*** Opening of PROVIDED MATERIAL ***

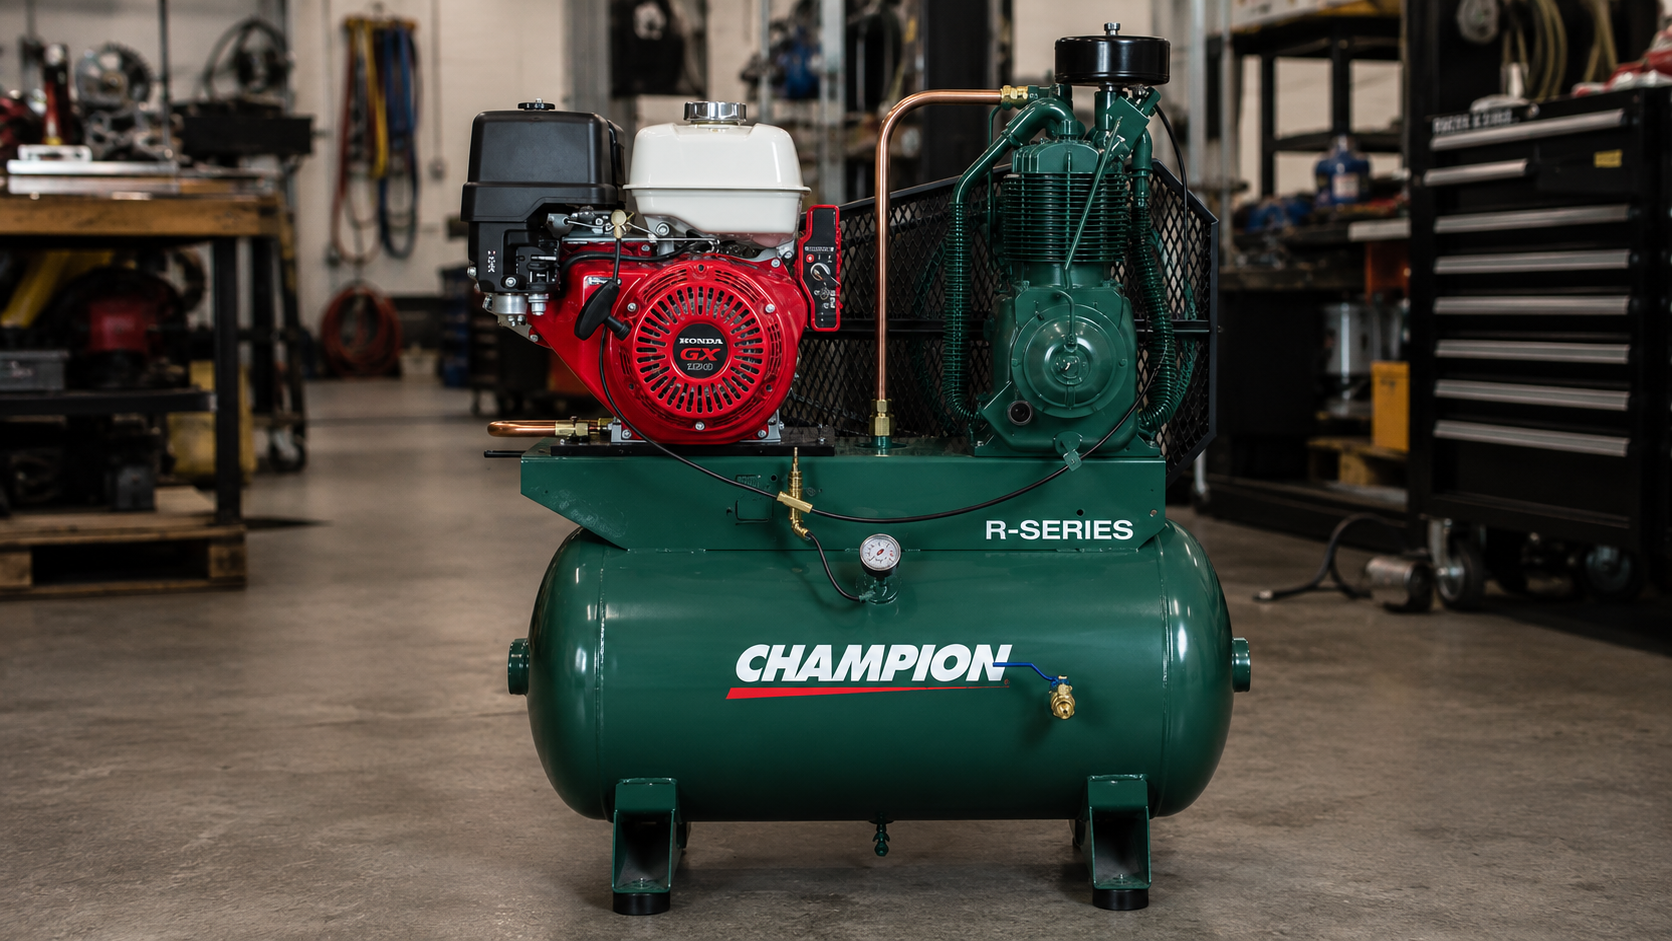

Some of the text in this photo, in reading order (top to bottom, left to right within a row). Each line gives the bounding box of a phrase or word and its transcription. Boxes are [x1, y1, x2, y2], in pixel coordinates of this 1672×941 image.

[680, 347, 721, 361] GX
[985, 519, 1134, 540] R-SERIES
[736, 643, 1013, 683] CHAMPION
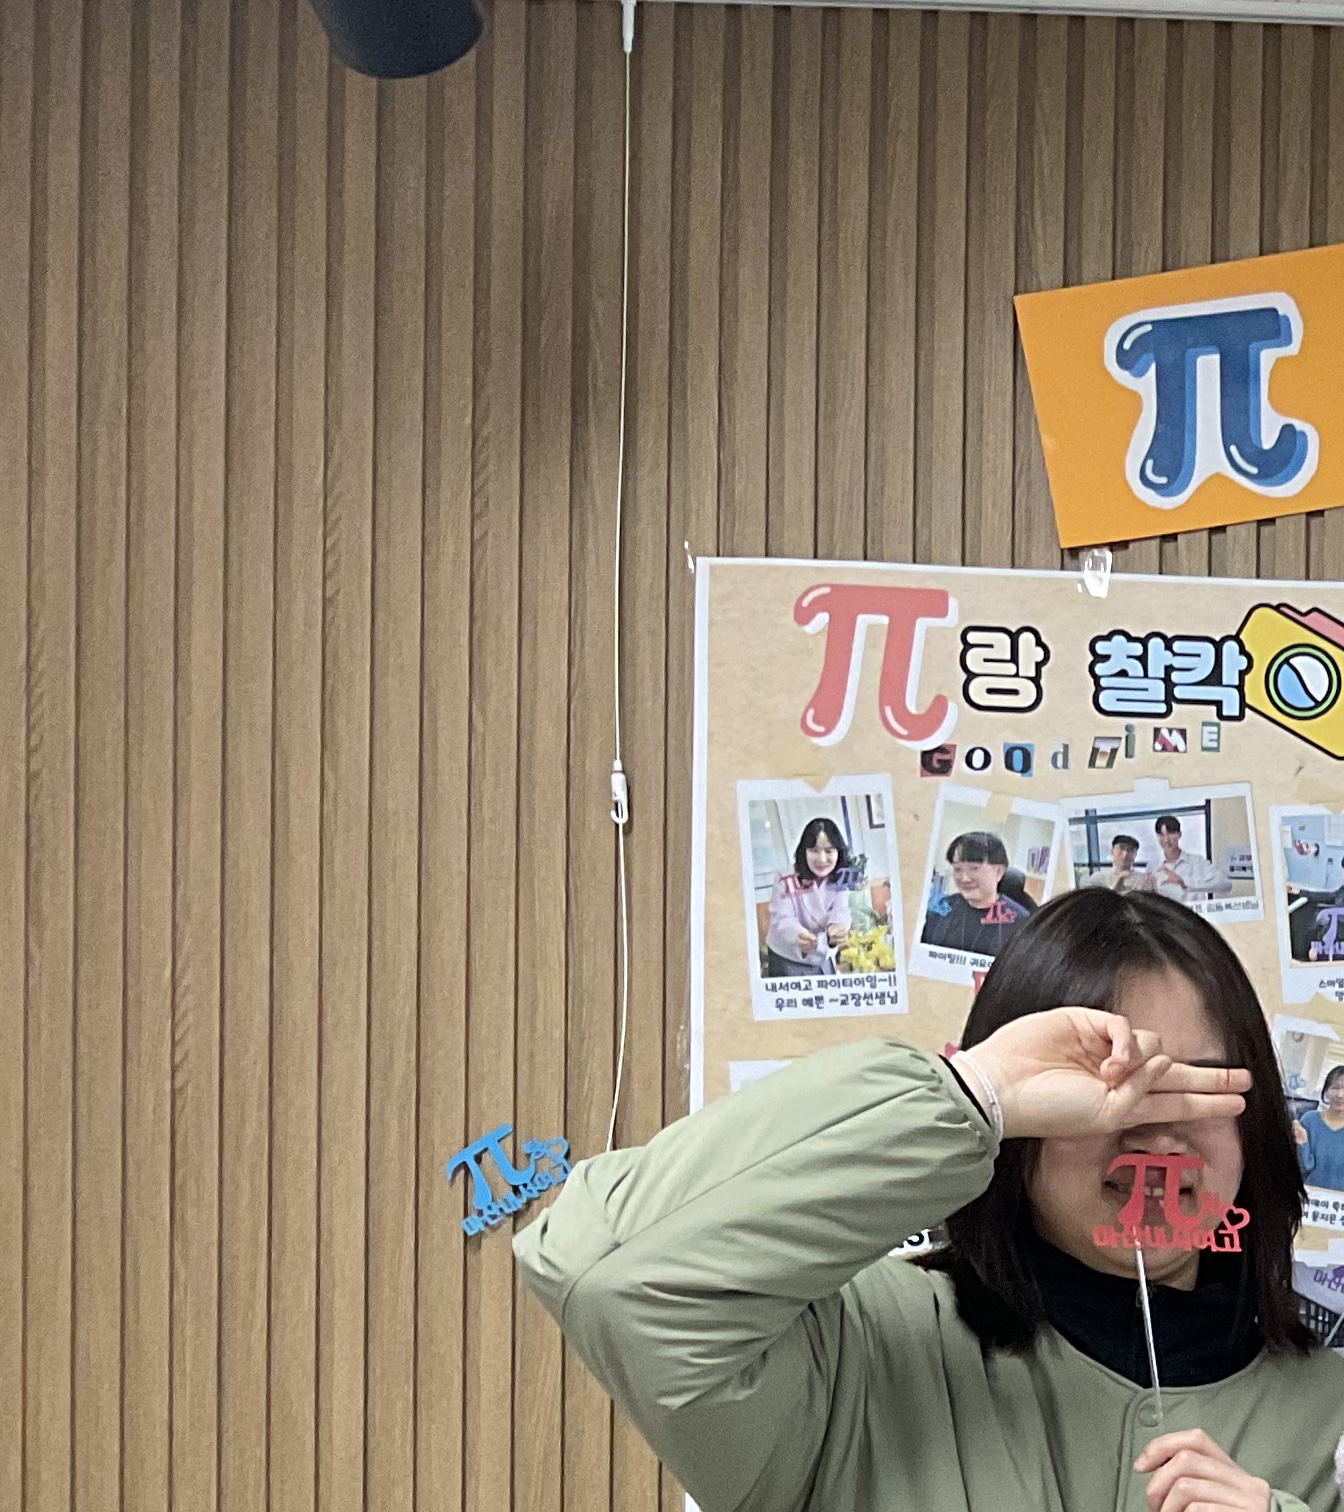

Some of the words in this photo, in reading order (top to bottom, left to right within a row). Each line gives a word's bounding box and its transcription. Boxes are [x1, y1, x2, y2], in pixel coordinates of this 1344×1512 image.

[1088, 628, 1252, 721] 찰칵
[764, 978, 813, 993] 내서여고
[774, 997, 798, 1012] 우리

*** Close of PROVIDED MATERIAL ***

#### [EXERCISE REQUIREMENTS]
Leaving the pictures out, print every line of the listing exactly.

#### [RESULT BELOW]
Some of the text in this photo, in reading order (top to bottom, left to right within a row). Each line gives the bounding box of a phrase or word and its transcription. Boxes are [x1, y1, x2, y2], in pixel coordinates of this 1672×941 image.

[680, 347, 721, 361] GX
[985, 519, 1134, 540] R-SERIES
[736, 643, 1013, 683] CHAMPION

Some of the words in this photo, in reading order (top to bottom, left to right within a row). Each line gives a word's bounding box and its transcription. Boxes are [x1, y1, x2, y2], in pixel coordinates of this 1344×1512 image.

[1088, 628, 1252, 721] 찰칵
[764, 978, 813, 993] 내서여고
[774, 997, 798, 1012] 우리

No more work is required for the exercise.